Équation des cendres

Message publié le 17/09/2025 à 14:32

Je pouvais sentir mon corps me trahir, chaque jour un peu plus. La magie qui était auparavant si naturelle me demandait désormais un effort considérable. Et si mon esprit restait vif et affuté, il ne résisterait pas longtemps aux affres de la douleur qui faisait désormais partie intégrante de mon quotidien. Il me fallait trouver une solution, et vite. Liam le savait aussi bien que moi. Voilà pourquoi il prenait désormais les devants. Pourquoi il préparait toute cette mise en place sans moi, alors même que c'était notre plan à tous les deux depuis bien longtemps.

 

Je ne me sentais pas lésé de ne pas prendre part aux préparatifs. Pas même un peu déçu. Liam était comme le prolongement de mon âme, dans un corps bien plus solide. Nous nous comprenions sans avoir besoin de parler. Sans avoir besoin même de se regarder. Je pouvais savoir ce qu'il pensait, et il en allait de même de son côté.
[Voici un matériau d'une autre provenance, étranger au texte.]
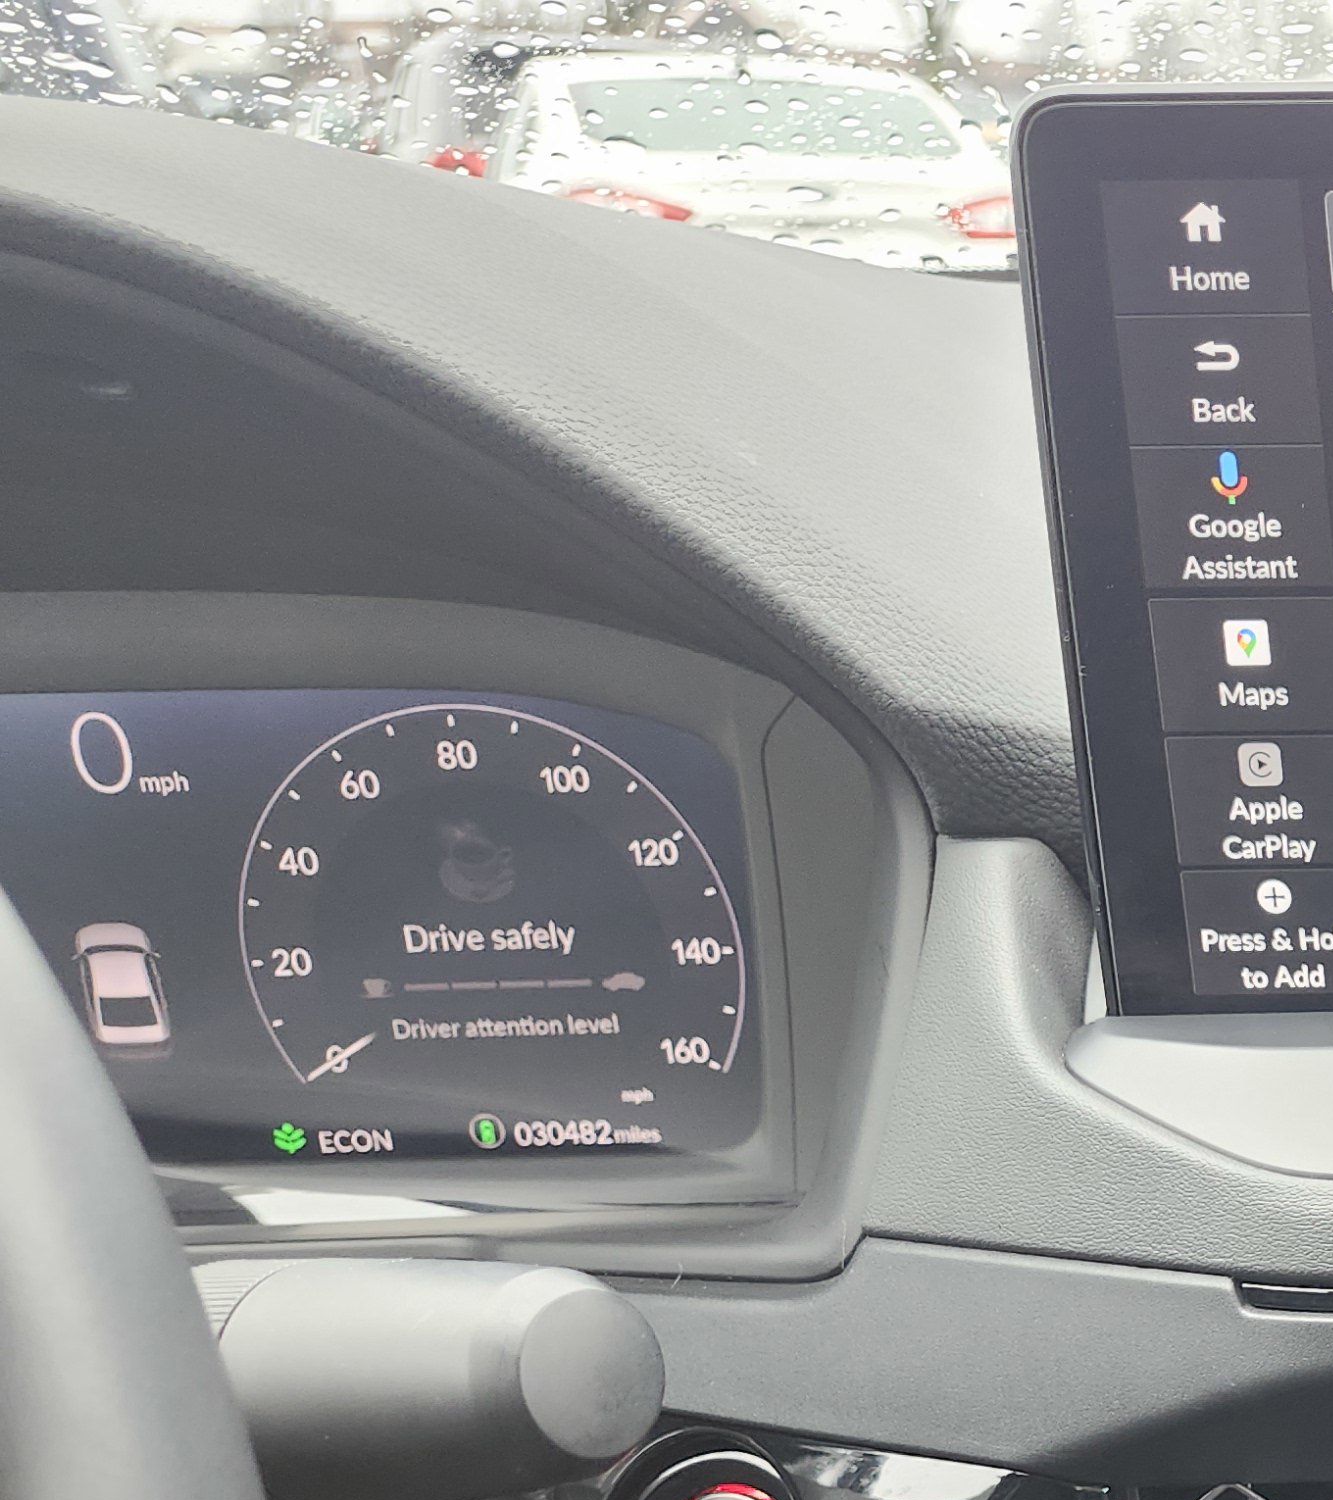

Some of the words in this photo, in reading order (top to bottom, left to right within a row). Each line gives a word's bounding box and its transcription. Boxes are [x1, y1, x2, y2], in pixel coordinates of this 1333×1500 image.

[1170, 266, 1250, 291] Home
[1192, 398, 1256, 423] Back
[1188, 513, 1282, 541] Google
[1182, 555, 1298, 581] Assistant
[1218, 682, 1289, 709] Maps
[71, 711, 133, 794] 0
[139, 770, 190, 796] mph
[437, 740, 478, 771] 80
[340, 769, 380, 800] 60
[539, 764, 591, 794] 100
[1229, 797, 1304, 825] Apple
[279, 846, 319, 876] 40
[627, 837, 679, 868] 120
[1222, 836, 1317, 863] CarPlay
[402, 924, 485, 954] Drive
[491, 920, 576, 955] safely
[1201, 928, 1266, 954] Press
[1271, 928, 1294, 952] &
[271, 947, 312, 977] 20
[671, 937, 721, 967] 140
[1241, 966, 1270, 990] to
[1274, 964, 1325, 989] Add
[391, 1018, 459, 1041] Driver
[465, 1015, 564, 1039] attention
[567, 1013, 621, 1035] level
[660, 1036, 710, 1065] 160
[318, 1128, 395, 1155] ECON
[513, 1119, 614, 1147] 030482
[614, 1124, 663, 1145] miles
Alors, c'était comme si je l'accompagnais pour tout cela. Lorsqu'il me rejoignit dans le couloir menant au laboratoire, j'approuvai doucement.

 

- Aucun risque. Le plan est sans faille, répondis-je en fourchelang également.

 

Et je me dirigeai vers le petit salon, qui n'avait de petit que le nom puisque la pièce était immense. Suffisamment proche du point d'impact pour que nous soyons soufflés dans l'explosion. Suffisamment éloigné pour ne rien risquer. Et surtout, c'était l'heure de mon entraînement au piano. Je m'installais derrière le clavier de l'imposant instrument à queue qui trônait au milieu de la pièce, comme chaque soir à cette même heure. Rien ne pouvait changer. Tout devait être normal.

 

Liam devait vaquer à ses occupations aussi. Rien ne devait être laissé au hasard. Nous serions bientôt les seuls bénéficiaires de la fortune des Ombrage. Et nous saurions en faire bon usage. Mes doigts appuyèrent alors sur les touches, en un accord dramatique, suivi de plusieurs autres. Quel plus beau requiem que celui de la fin de nos géniteurs.